Guarea guidonia (L.) Sleumer
Trompillo (Bolivia); Cachimbo (Venezuela); Trompillo (Venezuela); Lapati Caspi (Peru); Yantso (Ecuador); Yantsau (Ecuador); Yantsan (Ecuador); Shuina (Ecuador); Villo Villo (Ecuador); Congui`ocho (Ecuador); Tucuta (Ecuador); Cedrillo (Ecuador); Tocota (Ecuador); Sambo Cedro (Colombia); Pialde (Colombia); Requia (Colombia); Piaste (Ecuador); Pico Del Oro; Guaraguao; Guano Blanco; Gitó (Brazil); Fruta De Loro; Cramantree; Cedrophy; Requia (Peru); Carrapeteiro (Brazil); Atauba (Brazil); Trompito; Cramantee; Peito De Pomba (Brazil); Cedrillo Blanco; Cambotata; Acajou; Ata Blanco; Alligator Wood; Wild Akee; Muskwood; American Muskwood; Zambo Cedro (Colombia); Carimbo; Pulgande
Samyda guidonia L.; Guarea trichilioides L.; Guarea puberula Pittier; Guarea multiflora A. Juss.; Guarea aubletii A. Juss.; Guarea alternans C. DC.; Guarea alba C. DC.

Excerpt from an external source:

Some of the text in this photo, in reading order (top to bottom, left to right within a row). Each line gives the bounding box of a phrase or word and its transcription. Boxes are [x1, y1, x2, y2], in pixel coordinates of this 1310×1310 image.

This species is reported to be a medium size tree, with heights between 15 to 20 m, up to 25 m. The diameter at breast height is commonly from 40 to 60 cm, or even up to 90 cm. The bole is straight, with small buttresses.
Guarea guidonia is a typical species from gallery forests. It is found in secondary forests, along water courses and alluvial sites. Rarely reported in primary forests.

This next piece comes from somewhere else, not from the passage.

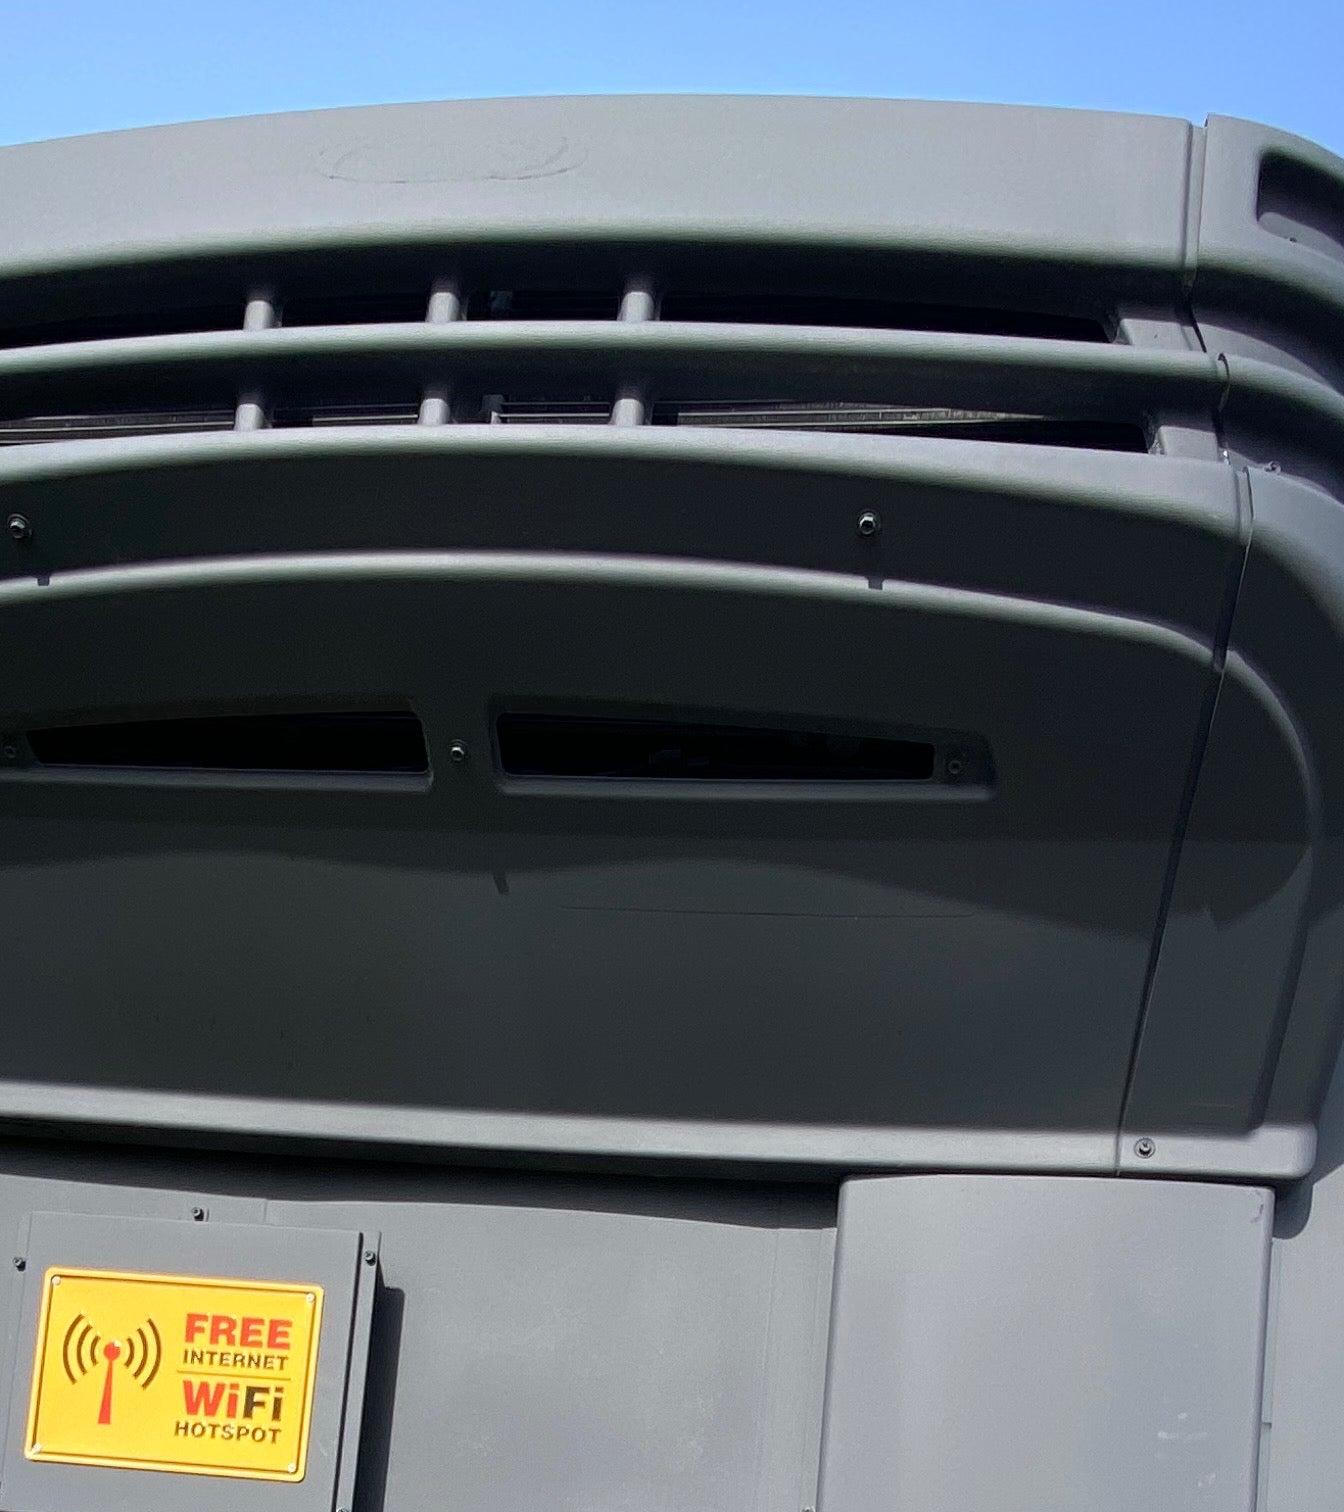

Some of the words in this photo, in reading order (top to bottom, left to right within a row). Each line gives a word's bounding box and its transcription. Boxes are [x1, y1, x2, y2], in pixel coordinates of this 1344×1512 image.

This species is reported to be distributed in the tropical and subtropical forests of Central and South America. In Brazil it is found in until Rio de Janeiro , Sao Paulo and Mato Grosso do Sul. It is also common in the Parana basin.
Wood diffuse porous. Vessels solitary and in short radial multiples. Tangential diameter of vessel lumina 150 to 200 micras (medium). Vessels per mm2 10 to 20 (abundant). Occasionally vessels per mm2 less than 6. Simple perforation plates. Vessel-ray pits simil Axial parenchyma confluent. Axial parenchyma oblique and/or sinuous. Prismatic crystals in chambered axial parenchyma cells and/or in fibers. 5 to 8 cells per parenchyma strand. Rays exclusively uniseriate. Silica bodies in the ray cells. Homogeneous rays and/or sub-homogeneous rays (all ray cells procumbent). Septate fibers present. Fibers with simple to minutely bordered pits.
It has a pleasant smell.
The sapwood is differentiated, it is pale brown, the heartwood is light red when dry.
The grain is mostly straight
Texture is usually medium to coarse.
It is reported to be moderate in luster.
This timber responds poorly to preservative treatment.
Ease of Drying: Drying is rated as rapid. Drying Defects: Slight tendency to checking and cupping. Severe casehardening is also reported.
Sawmilling of this species is reportedly easy.
Machining of this species is reported to be easy.
Planing operations are rather easy.
Boring operations are reported to be fair.
Nailing properties are good.
It is easy to sand.
It has a good finishing.
It paints and varnishes well.
This species is reported to be easy to polish.